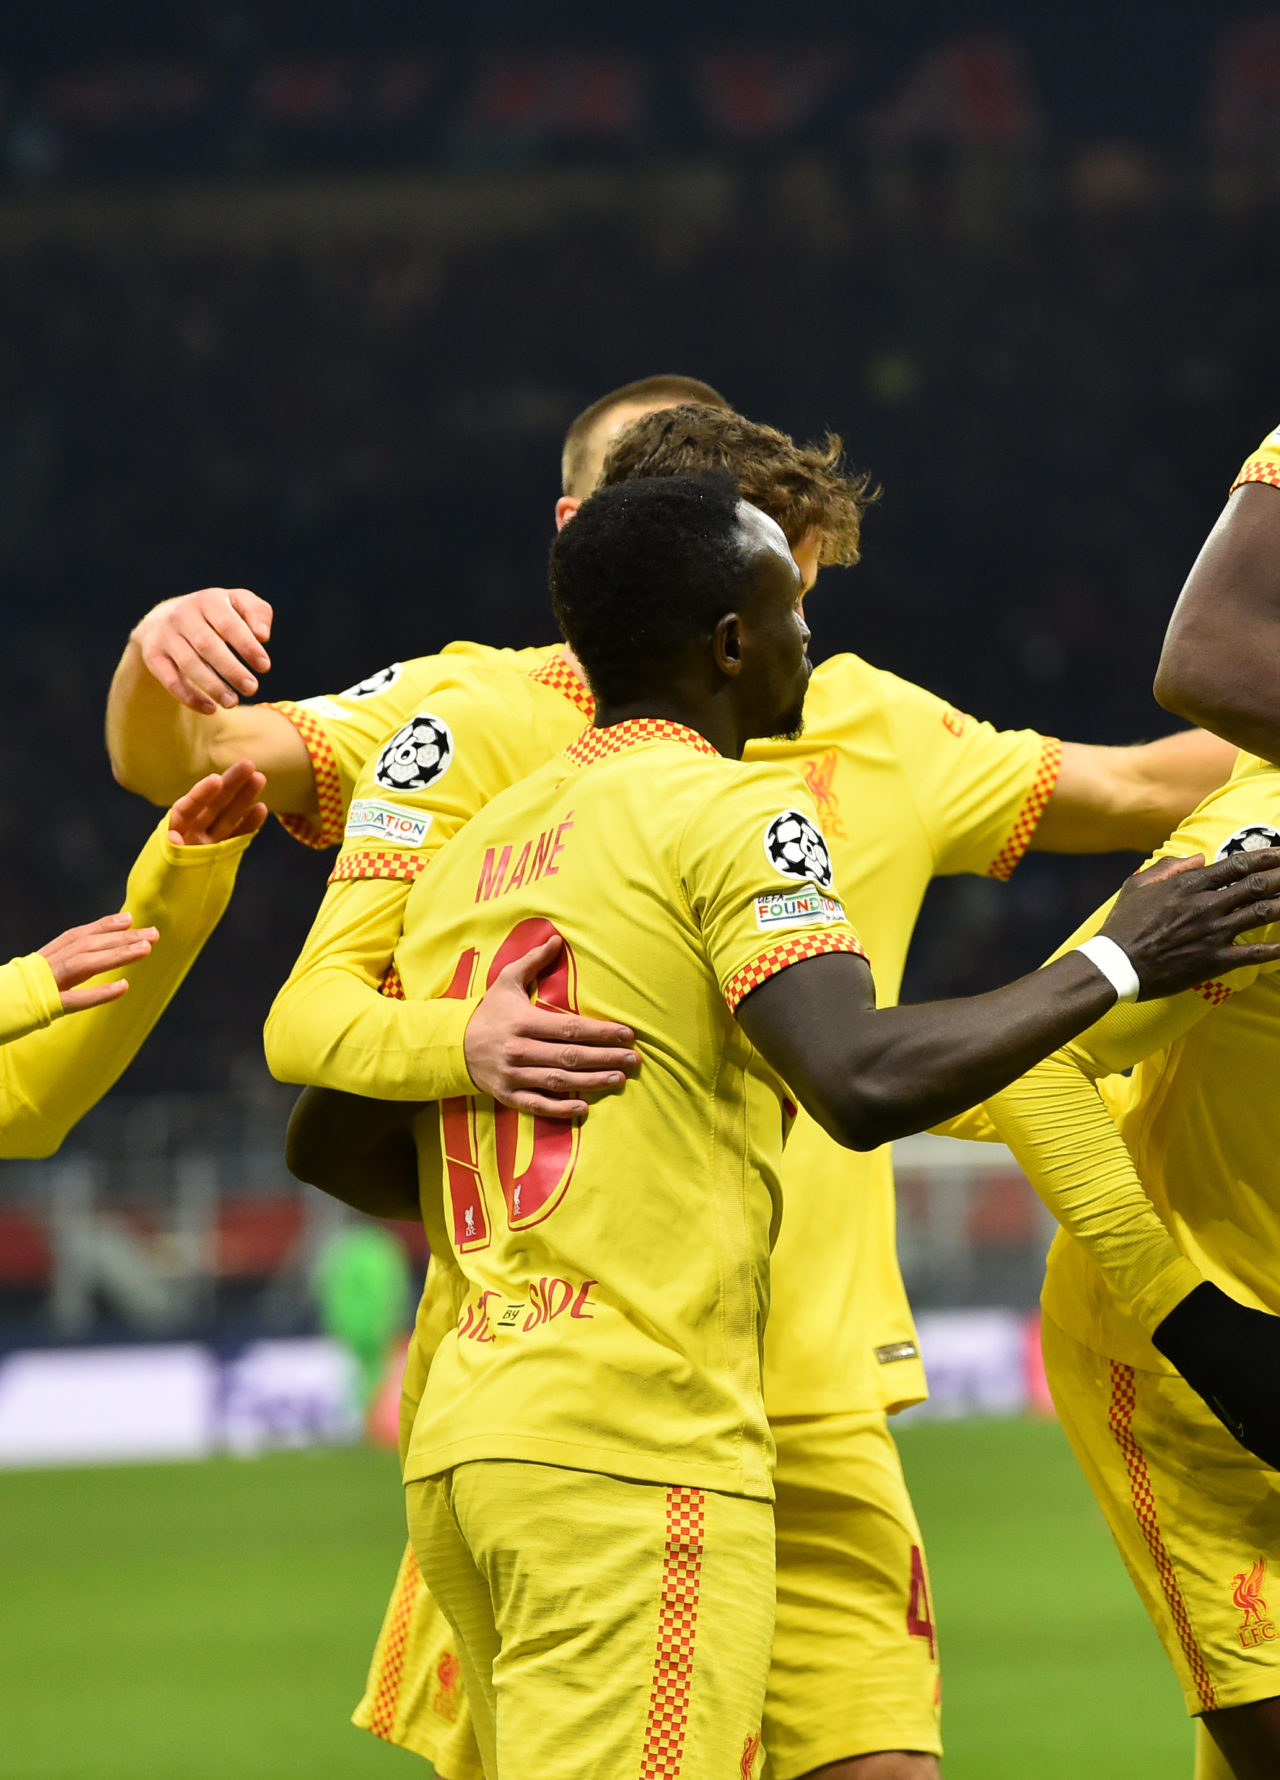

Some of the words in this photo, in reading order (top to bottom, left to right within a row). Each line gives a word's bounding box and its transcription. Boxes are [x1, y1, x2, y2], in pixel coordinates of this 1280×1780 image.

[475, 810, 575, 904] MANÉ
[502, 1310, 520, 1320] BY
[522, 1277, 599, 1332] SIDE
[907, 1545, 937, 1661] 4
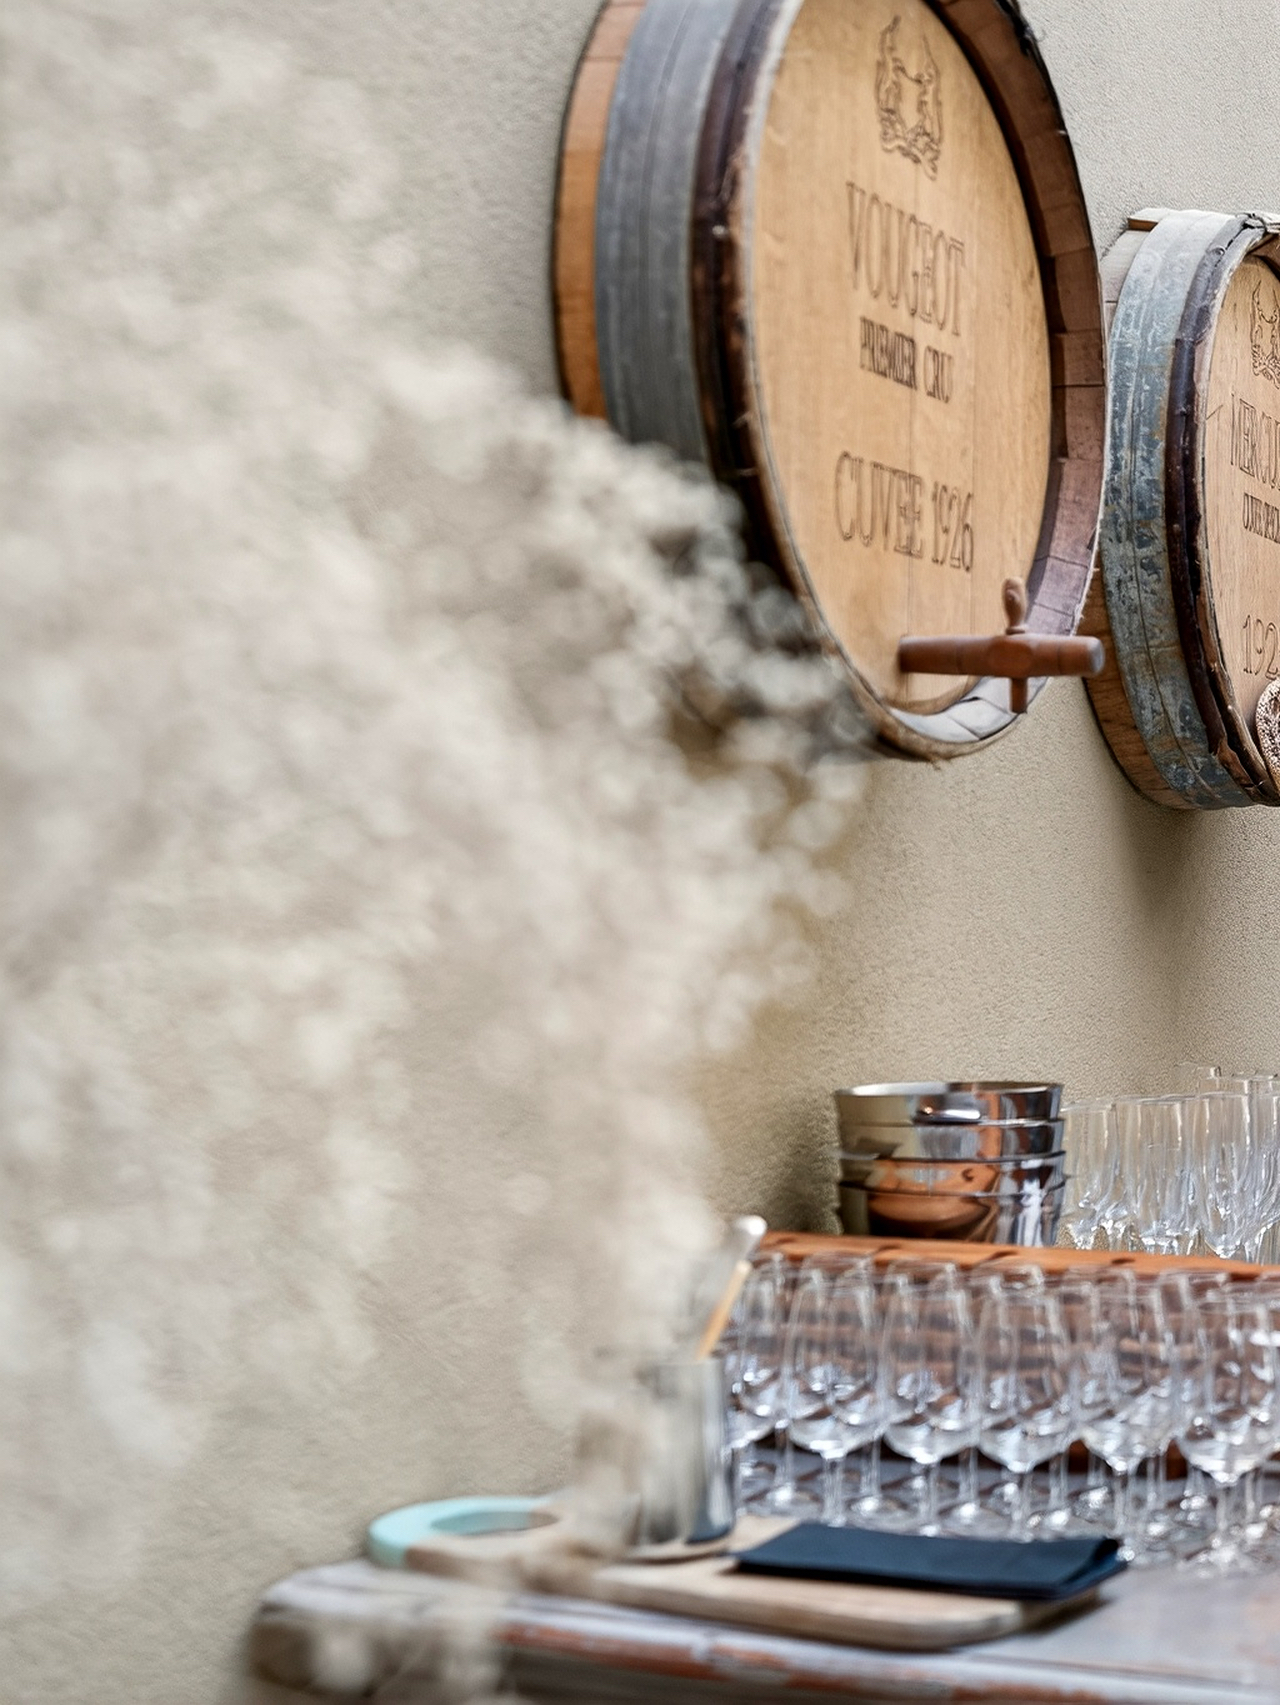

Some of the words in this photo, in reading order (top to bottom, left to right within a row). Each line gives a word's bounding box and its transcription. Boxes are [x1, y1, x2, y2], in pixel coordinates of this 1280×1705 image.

* * * * * * * * *

To do: Drop every image, please, and write out the data above exactly as shown.

Answer area:
Some of the words in this photo, in reading order (top to bottom, left to right within a row). Each line gives a word's bounding box and its transcription. Boxes are [x1, y1, x2, y2], in pixel coordinates of this 1280×1780 image.

[475, 810, 575, 904] MANÉ
[502, 1310, 520, 1320] BY
[522, 1277, 599, 1332] SIDE
[907, 1545, 937, 1661] 4

Some of the words in this photo, in reading order (top to bottom, left to right within a row). Each line gives a word's bounding box and its transcription. Boxes are [x1, y1, x2, y2], in pixel coordinates of this 1280×1705 image.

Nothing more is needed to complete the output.